Correva l'anno 2007. L'allora presidente del Consiglio Romano Prodi e il ministro algerino dell'Energia Chakib Khelil firmarono ad Alghero un patto per portare il metano in Sardegna attraverso un gasdotto che avrebbe dovuto attraversare il Mediterraneo. Si parlò di due anni per completare l'opera, annunciando in modo trionfalistico che nel 2009 i sardi avrebbero avuto il metano. Nel frattempo partirono i progetti per realizzare le reti di bacino.

Sono passati dodici anni da quella firma e dieci dal momento in cui il gas algerino sarebbe dovuto arrivare nell'Isola e oggi ancora si discute se fare o no la dorsale per il gas da un capo all'altro della Sardegna alimentando le reti locali. Nel frattempo, il mondo è cambiato. Il gas algerino non è più conveniente, oggi centinaia di navi viaggiano sui mari trasportando il metano da vendere al miglior offerente (che spesso comunque spunta prezzi molto vantaggiosi) e alimentando i depositi costieri, come quelli che stanno nascendo a Cagliari e Oristano. Il progetto Galsi, dunque, passati dieci anni, è tramontato. Oggi sarebbe antieconomico. Morale: non si può più attendere vent'anni per la realizzazione di un'opera, perché il mondo cambia molto velocemente grazie alla ricerca e alla tecnologia che esplorano strade mai percorse e assicurano nuove possibilità. Ecco perché l'Isola si ritrova oggi al 234° posto in Europa su 268 regioni. C'è stato, come si sa, un periodo in cui la Sardegna è uscita dal cosiddetto Obiettivo 1, nel quale rientrano le regioni più disagiate che necessitano dunque di maggiori fondi comunitari.

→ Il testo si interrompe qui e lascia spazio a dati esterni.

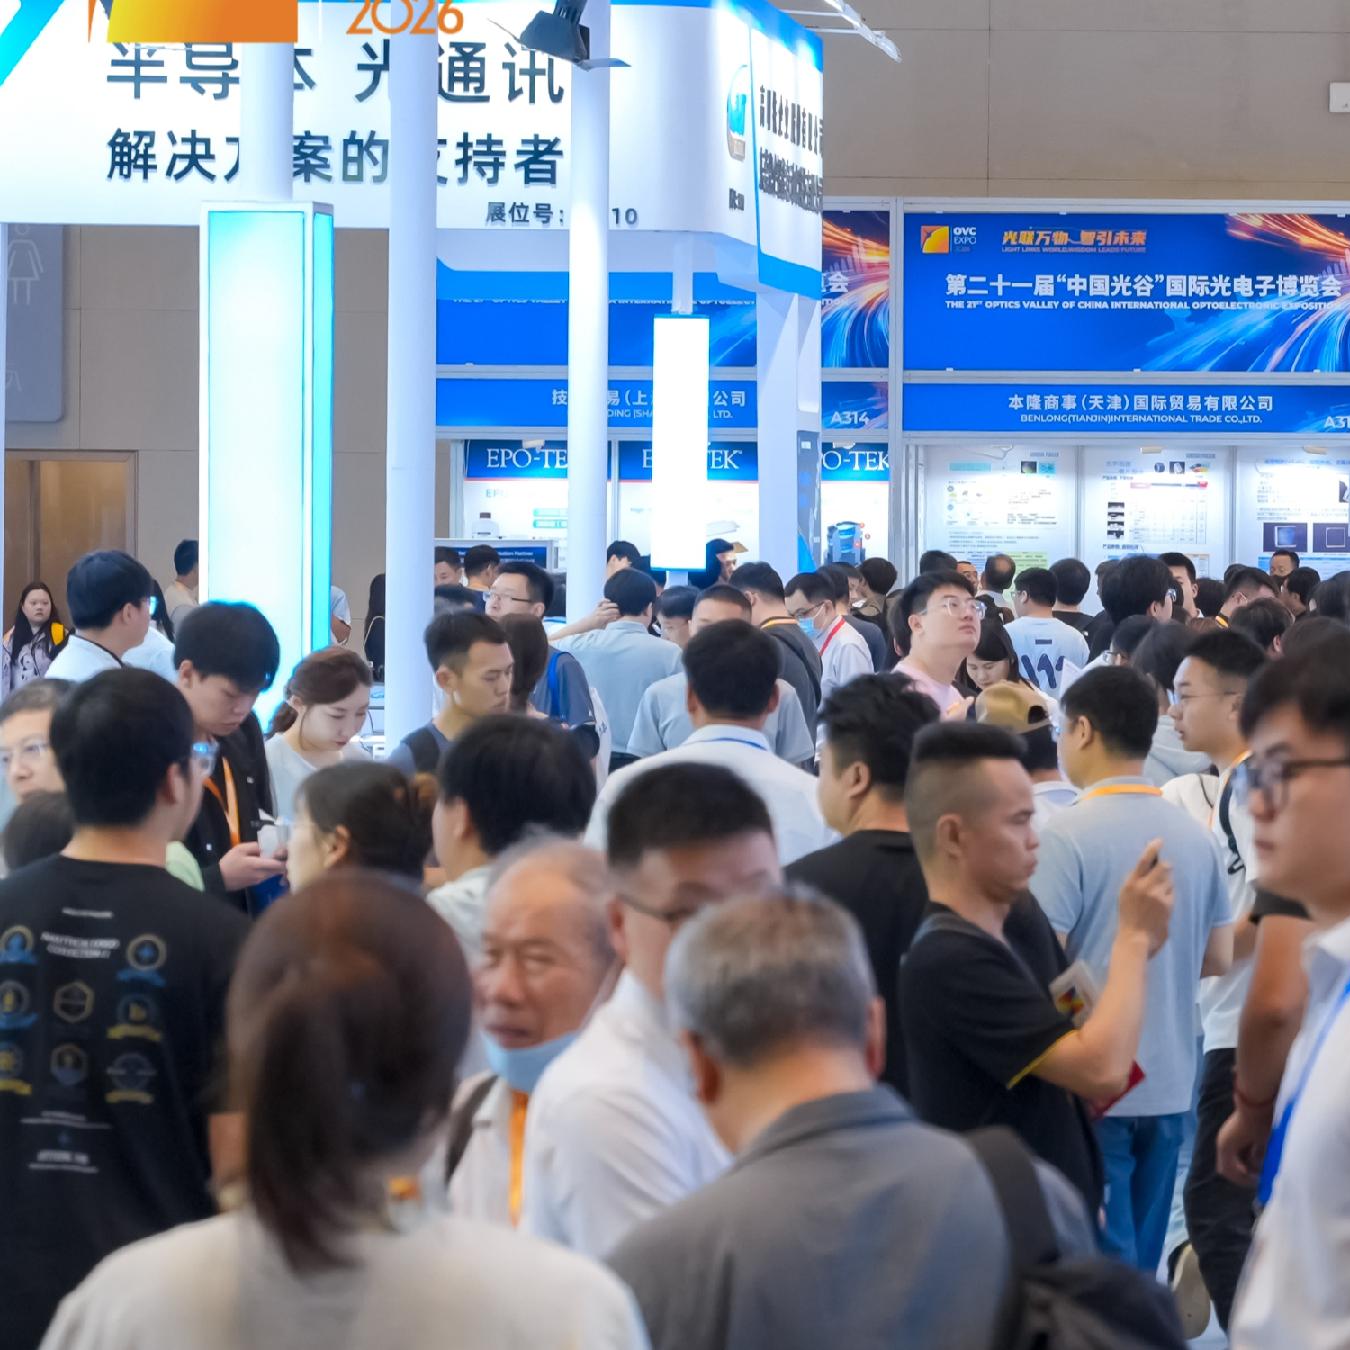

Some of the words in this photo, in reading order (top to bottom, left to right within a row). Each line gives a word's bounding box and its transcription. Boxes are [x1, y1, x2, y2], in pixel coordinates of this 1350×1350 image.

[106, 127, 564, 185] 解决案的持者
[953, 227, 977, 236] OVC
[945, 273, 1342, 297] 第二十一届“中国光谷”国际光电子博览会
[945, 301, 964, 309] THE
[984, 301, 1021, 309] OPTICS
[1022, 301, 1059, 309] VALLEY
[1062, 301, 1076, 309] OF
[1077, 301, 1109, 309] CHINA
[1110, 301, 1190, 309] INTERNATIONAL
[1008, 394, 1274, 411] 本隆商事（天津）国际贸易有限公司
[607, 409, 631, 418] DING
[830, 411, 870, 425] A314
[1190, 415, 1222, 423] TRADE
[486, 448, 568, 469] EPO-TE

Ma c'è rientrata in fretta a causa di alcuni limiti allo sviluppo che valgono più di molte tasse: la burocrazia, la scarsa dotazione infrastrutturale, peraltro connesse tra loro, la condizione d'insularità non riconosciuta e la bassa istruzione.

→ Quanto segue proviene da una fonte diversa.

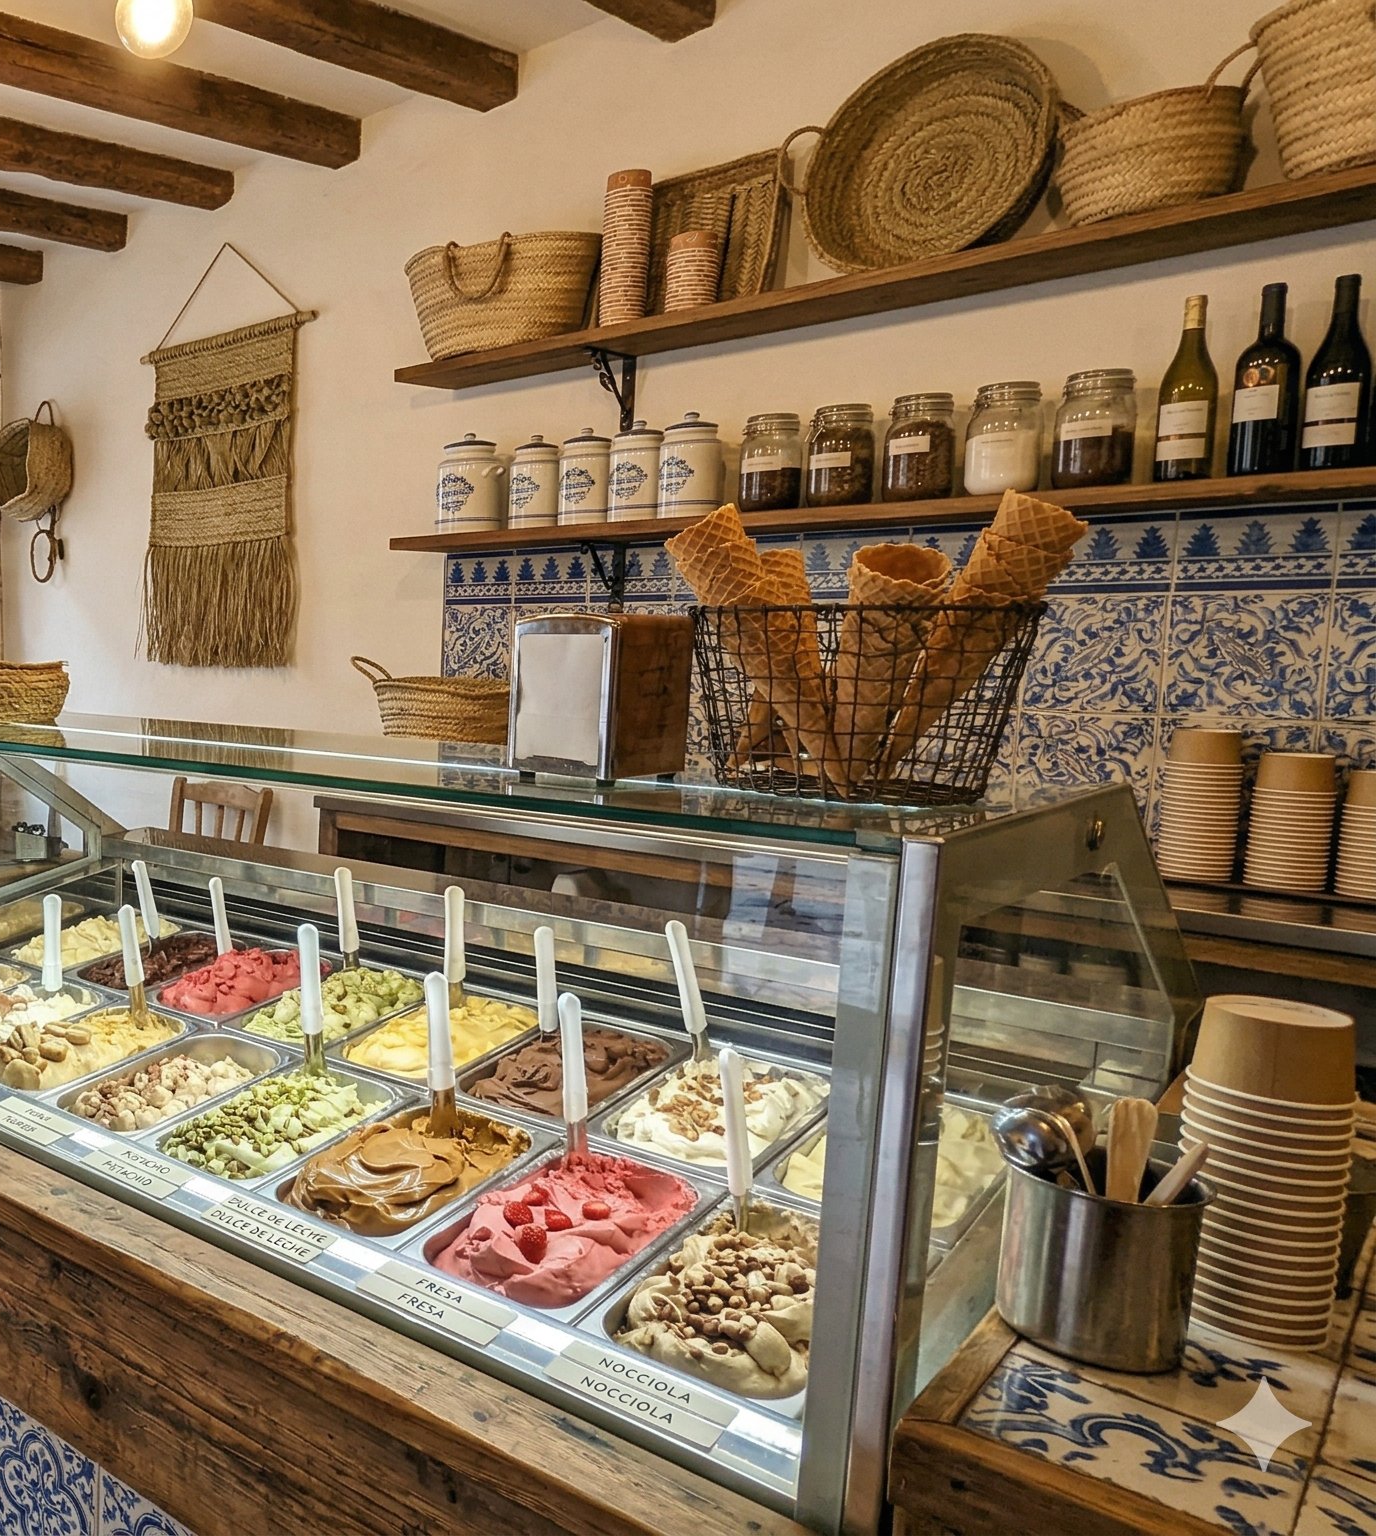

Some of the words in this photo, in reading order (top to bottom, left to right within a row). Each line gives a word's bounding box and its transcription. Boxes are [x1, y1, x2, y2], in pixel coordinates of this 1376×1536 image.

[249, 1226, 268, 1239] DE
[266, 1233, 311, 1257] LECHE
[284, 1220, 328, 1244] LECHE
[415, 1278, 462, 1304] FRESA
[397, 1293, 444, 1319] FRESA
[598, 1357, 691, 1404] NOCCIOLA
[580, 1376, 673, 1424] NOCCIOLA

Il caso del Galsi e del metano è emblematico. Se la burocrazia rallenta le opere si arriva al controsenso che quando entrano in funzione sono ormai desuete. Un rischio che corriamo anche oggi: la dorsale serve sicuramente ai sardi perché metterebbe in moto, con nuovi cantieri, anche un'economia che oggi langue, come sostengono giustamente i sindacati. Tutto questo se si farà in tempi brevi, perché se entrerà in funzione nel 2030 oppure oltre, magari la ricerca scientifica avrà già sperimentato e messo in campo nuovi sistemi energetici che renderanno il metano superato. Tanto più che anche l'elettrodotto potrebbe essere realizzato in tempi non brevissimi, costringendo l'Isola a vivere in condizioni di difficoltà. Una riflessione da fare e che peraltro in campagna elettorale è stata espressa in qualche modo anche dall'attuale governatore Christian Solinas, che nutriva dubbi sulla dorsale.

Nel calderone delle infrastrutture vanno aggiunte anche le opere che riguardano la mobilità dei sardi: porti, aeroporti, strade, ferrovie. Se per andare da Cagliari a Sassari con i mezzi pubblici ci si mette di più che ad arrivare da Milano a Londra qualche interrogativo ce lo dobbiamo porre. Tanto più che se prendiamo l'auto per andare da Alghero a Olbia rimaniamo incastrati nei cantieri stradali poco dopo Ardara. E se per le difficoltà di mobilità che esistono nell'Isola, i medici non vanno a lavorare nell'ospedale di Lanusei, qualche soluzione bisogna trovarla. Certo, i dati sanitari sono soddisfacenti, la nostra aspettativa di vita è uno dei pochi parametri positivi nella classifica della Commissione Ue, ma il fatto che l'Isola diventi una regione di pensionati, sia pur longevi, non garantisce per il futuro. Così come se gli insegnanti di sostegno, ma non solo, scarseggiano nelle scuole sarde (in alcune le lezioni sono partite tardi proprio per mancanza di docenti), il risultato è che avremo meno diplomati, meno laureati e la crescita resterà ferma. Il Crenos negli anni scorsi suggeriva di mettere in campo risorse per assumere più insegnanti. Se verrà fatto tra dieci o quindici anni insieme alla dorsale per il metano, potrebbe non essere più utile.